Strong Impulses for the Single Market
The Single Market is Europe’s foundation for growth, employment and prosperity. It also preserves the continent’s political influence in the world. However, the competitiveness of our industry and the strategic autonomy of our societies can only be ensured in the long term if the single market is continuously developed and deepened.
The German government and the EU institutions have committed themselves to further deepen the single market for years. However, in reality a political stalemate prevails in many areas. On the one hand, the European Commission lacks a holistic strategy for the future of the single market at the horizontal European level that links its different policies across all departments. On the other hand, national governments all too often use supposed sensitivities of their national markets as an excuse to block or water down necessary initiatives from Brussels.

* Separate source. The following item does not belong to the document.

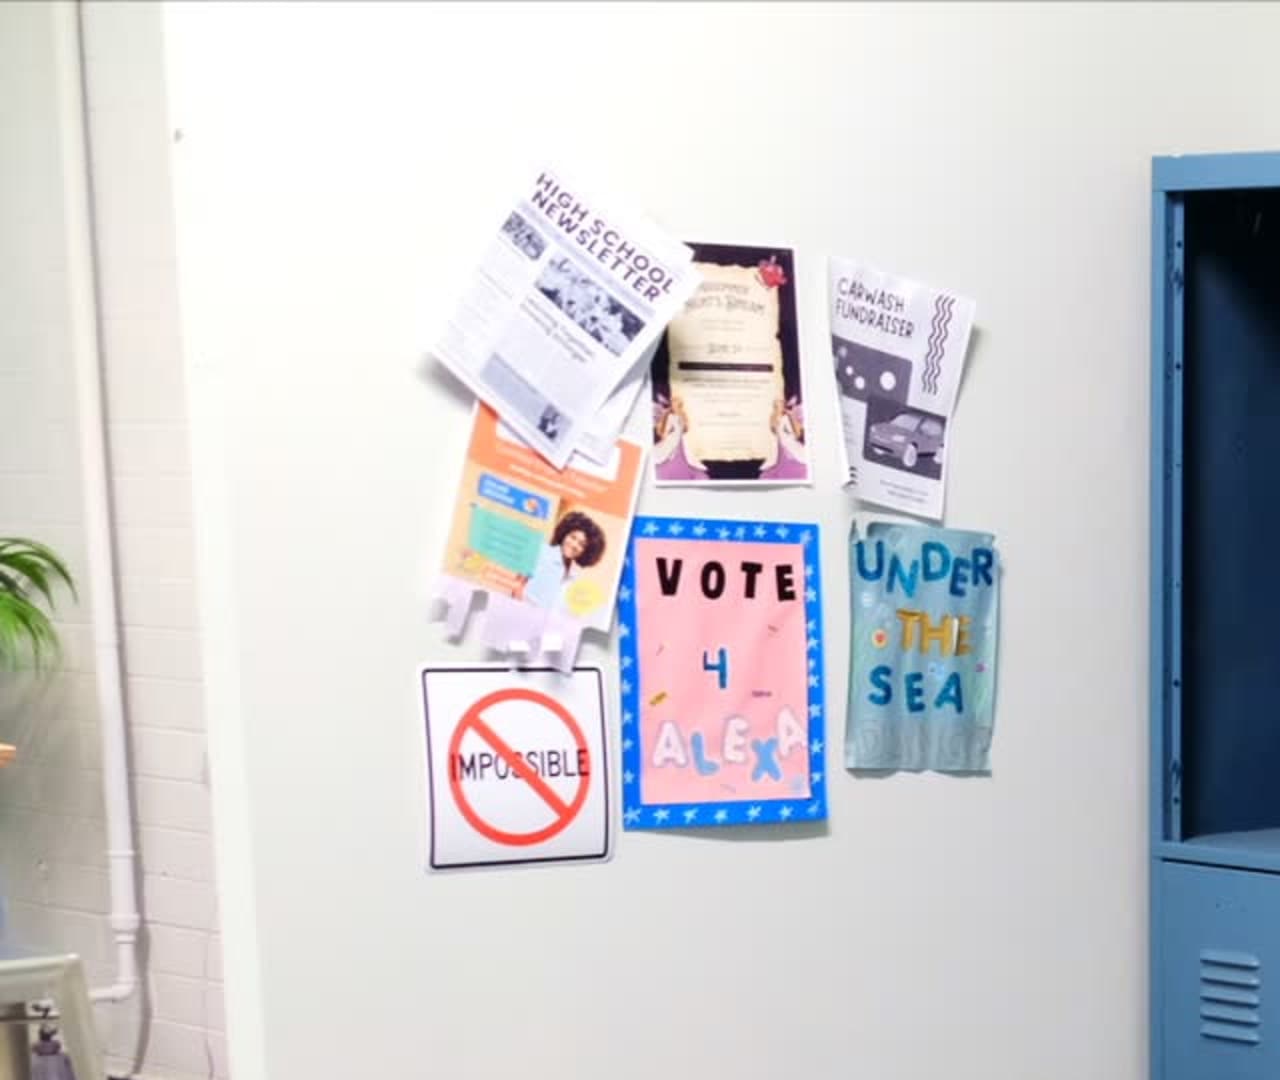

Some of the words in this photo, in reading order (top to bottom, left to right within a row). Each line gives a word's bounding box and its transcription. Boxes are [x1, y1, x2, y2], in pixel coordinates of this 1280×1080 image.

Massive potential remains untapped
As a result, the untapped economic potential of a fully completed single market remains enormous. According to calculations, the EU is missing out on a total of around 1.1 trillion euros, or up to 8.6 per cent of the EU's GDP. In the service sector alone, the potential amounts to more than 330 billion euros annually, or 2.4 per cent of EU GDP. In the area of cross-border trade in goods, the potential is estimated at up to 269 billion euros or up to 1.8 per cent of EU GDP. A digital single market would generate an additional 110 billion euros per year in economic power.

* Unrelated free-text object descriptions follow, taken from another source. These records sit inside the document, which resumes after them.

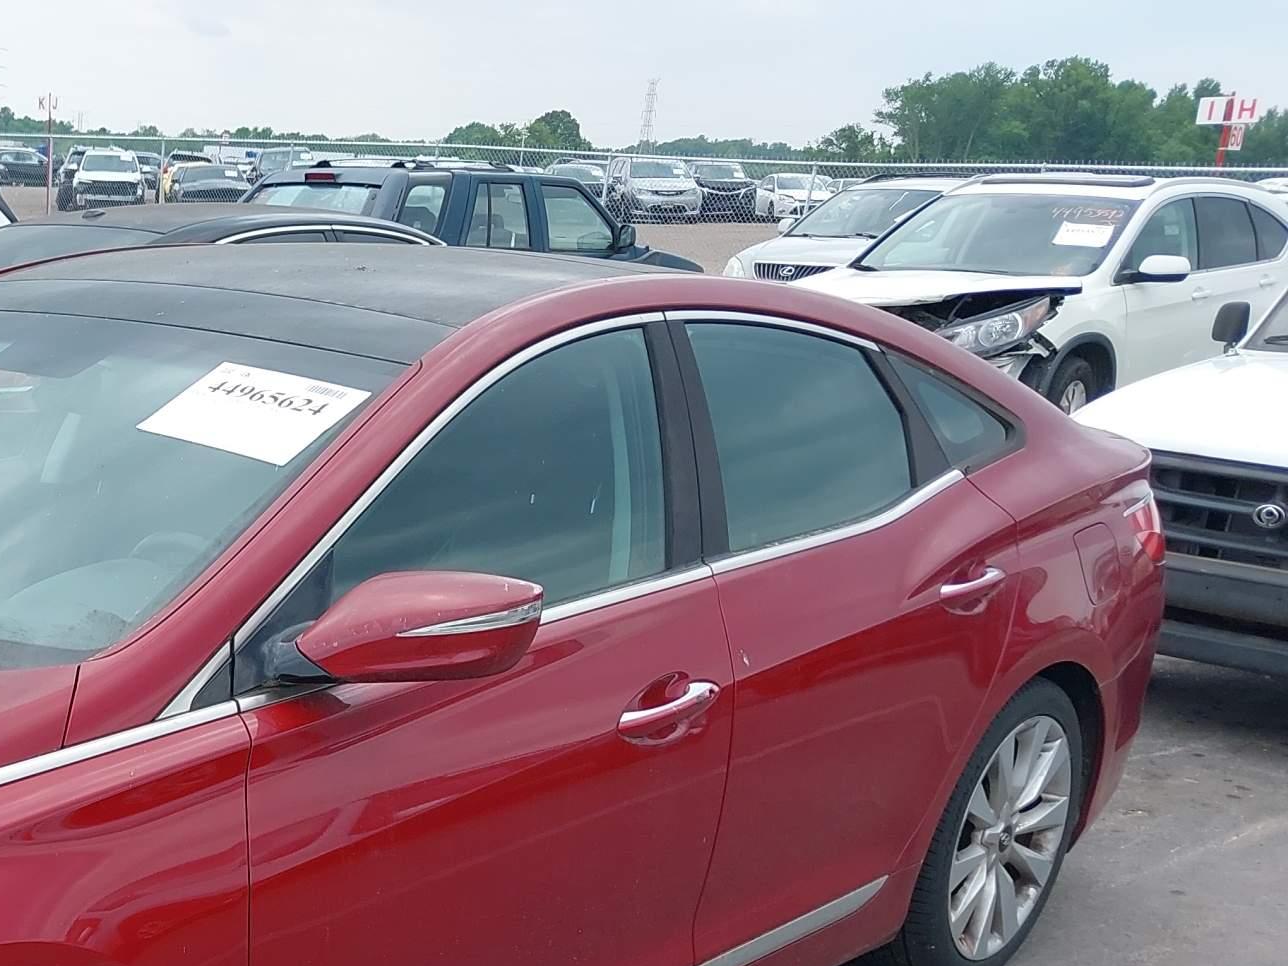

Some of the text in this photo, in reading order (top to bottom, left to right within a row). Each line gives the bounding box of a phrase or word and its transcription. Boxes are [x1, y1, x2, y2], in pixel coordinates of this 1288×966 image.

[38, 96, 46, 110] K
[1237, 98, 1258, 120] H
[1229, 125, 1243, 147] 60
[207, 380, 331, 416] 44965624
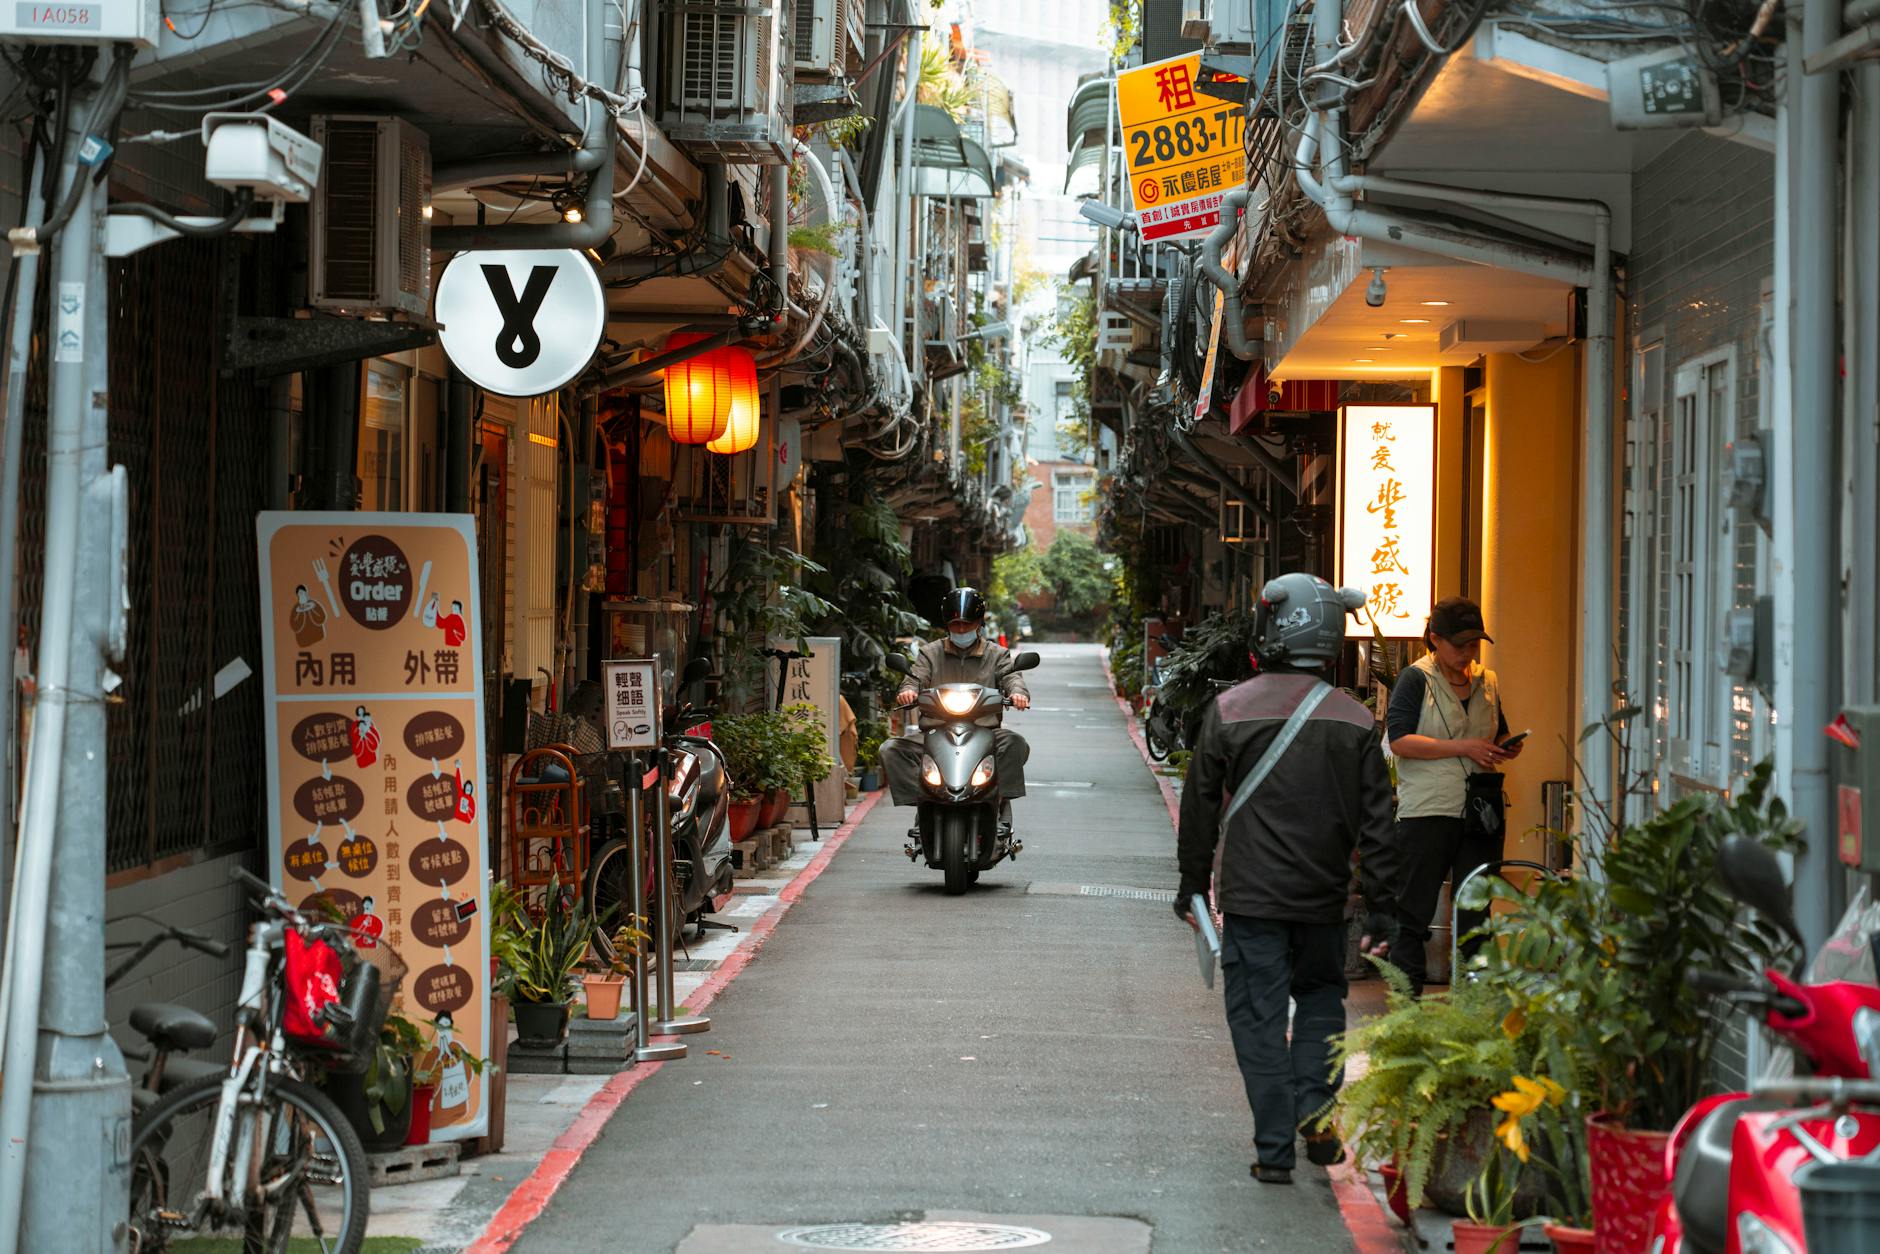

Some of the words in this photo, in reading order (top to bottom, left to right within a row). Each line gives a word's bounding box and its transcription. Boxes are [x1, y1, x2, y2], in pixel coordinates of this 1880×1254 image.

[1154, 64, 1196, 112] 租
[1162, 165, 1222, 197] 永慶房屋
[350, 581, 403, 600] Order
[296, 651, 355, 687] 內用
[404, 650, 459, 685] 外帶
[615, 672, 642, 688] 輕聲
[616, 689, 644, 705] 細語

German industry demands immediate action
From the point of view of German industry, the political inaction of the past years is no longer justifiable and endangers prosperity and growth - and sooner or later also Europe's role and influence in the world. Against this background, BDI developed a position paper in which it presents a total of sixty concrete recommendations for action in nine strategic policy areas, including for goods and industry-related services, digitalisation, the circular economy, as well as transport, mobility, taxation and public procurement. These recommendations are intended to support both national and European decision-makers in finally putting their promises for "more Europe" into practice.